Psyllids are tiny winged insects that look like small cicadas. In fact both psyllids and cicadas are Hemipterans meaning that they are characterised by sucking mouthparts. Adult and nymph psyllids suck the sap of plants. The psyllid nymph extrudes a mix of wax and sugar-rich honeydew from which it constructs a shelter under which it hides from predators and parasites. This ‘house’ is called a lerp. Lerps provide a food source for a variety of birds such as pardalotes and bell miners and are also an indigenous food source.

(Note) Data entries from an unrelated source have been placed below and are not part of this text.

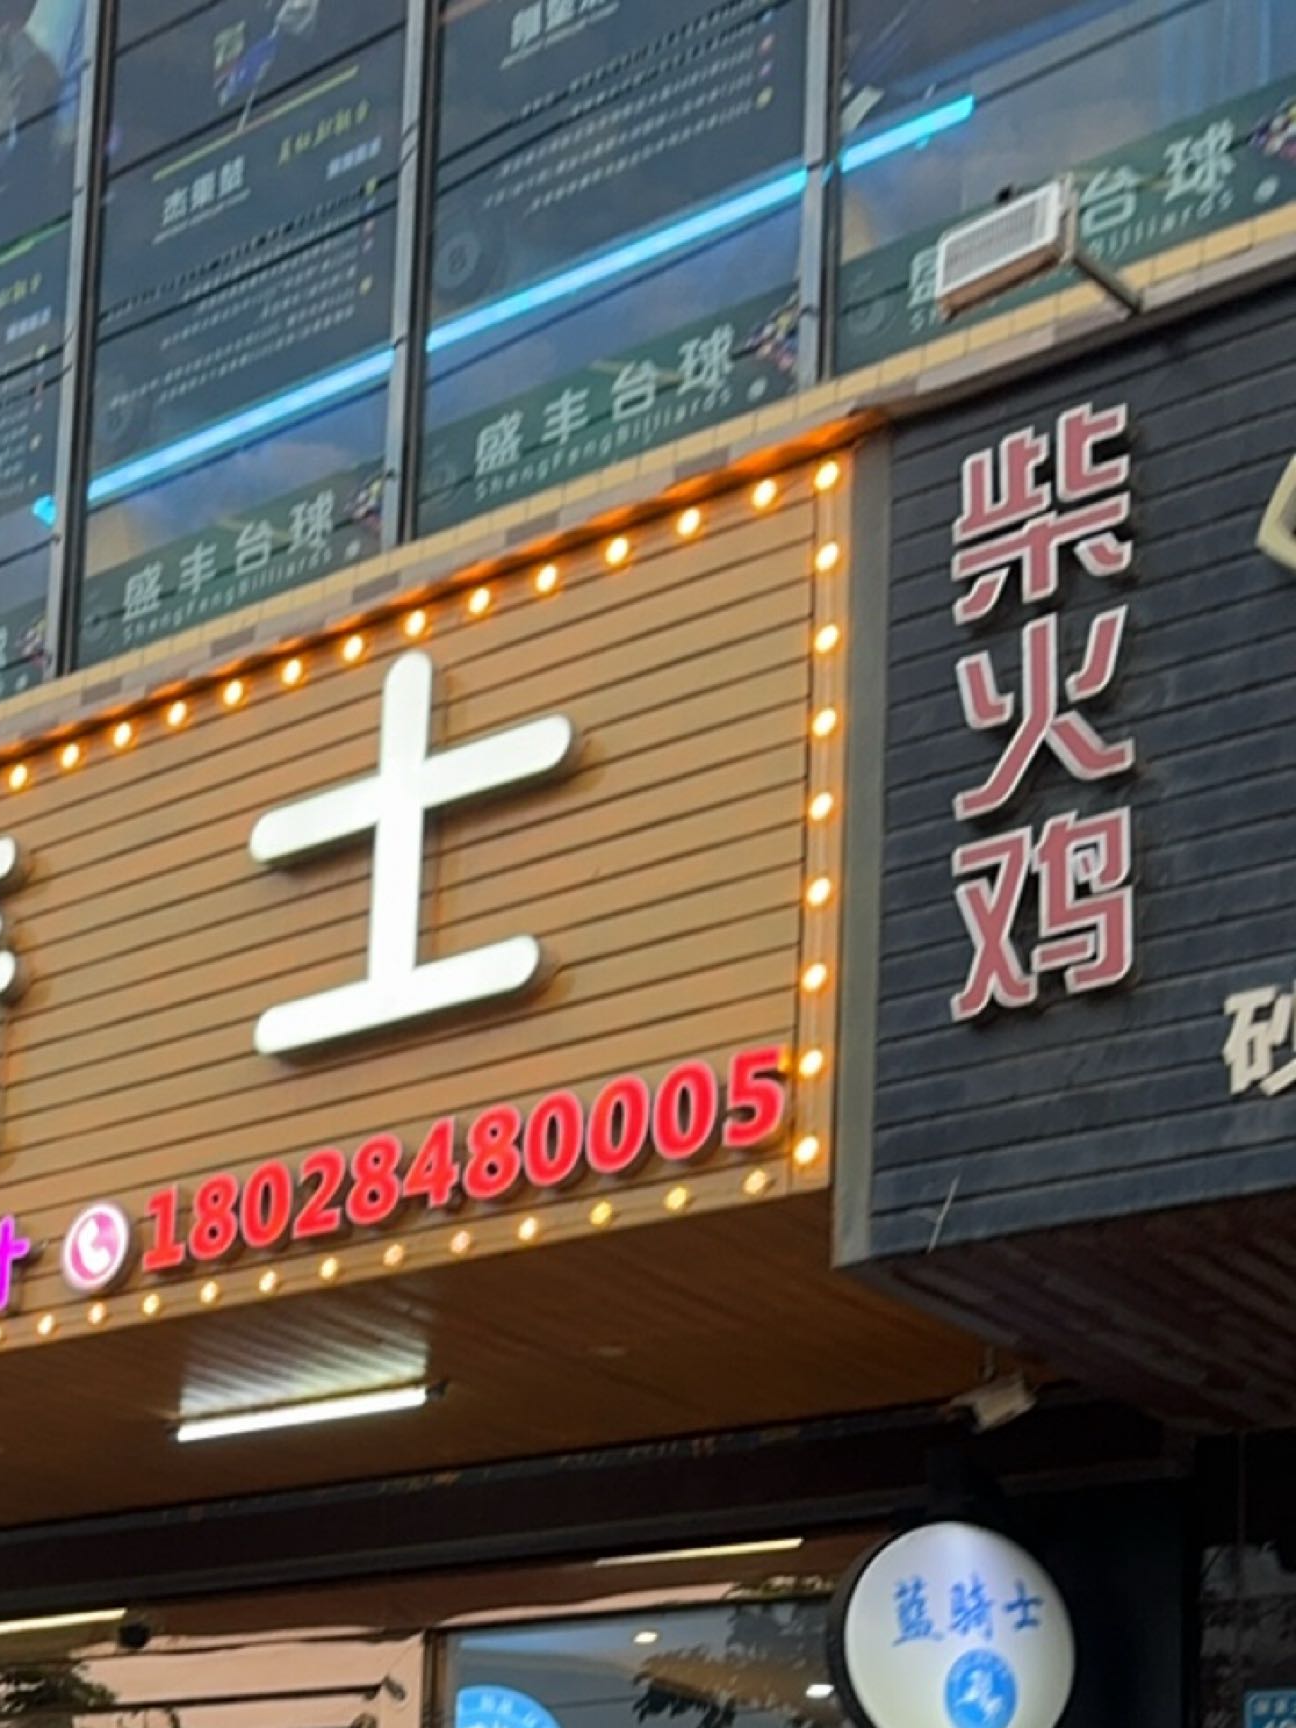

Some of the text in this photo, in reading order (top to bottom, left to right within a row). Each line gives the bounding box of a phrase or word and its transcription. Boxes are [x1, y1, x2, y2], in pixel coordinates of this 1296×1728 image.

[474, 323, 736, 477] 盛丰台球
[122, 489, 336, 622] 盛丰台球
[951, 402, 1135, 1023] 柴火鸡
[140, 1044, 789, 1272] 18028480005
[891, 1571, 1045, 1647] 蓝骑士

Different species of psyllids build lerps of different structures and composition. The Sugar Psyllid (Glycaspis sp.) builds a conical sugar-rich lerp.  The Lace or Basket Psyllids (Cardiaspina sp.) builds a scallop-shaped lerp. A current infestation of them is causing the large-scale browning of eucalypt leaves in the district.

While on a bird survey with the Murrindindi Birdwatchers last weekend we found a grove of Red Box supporting a large population of White Clam Psyllids (Hyalinaspis sp.). If you look carefully in the photo above you can just make out the nymph underneath the lerp.   The White Clam Lerp presents as a white, flat structure and although there were many of them the trees and their leaves did not seem to be affected.

Peeling back the lerp revealed the psyllid nymph underneath (pictured right). It didn’t harm the nymph but there is a spot of house reconstruction needed!

One Comment leave one →
  1. Rosemary Simon permalink
    November 18, 2017 9:43 am

    Thank you so much for this information. I had no idea how lurps arrived to make my precious trees look as though they are going through early death throes. I will enjoy even more the sound of the pardalotes scraping at the leaves.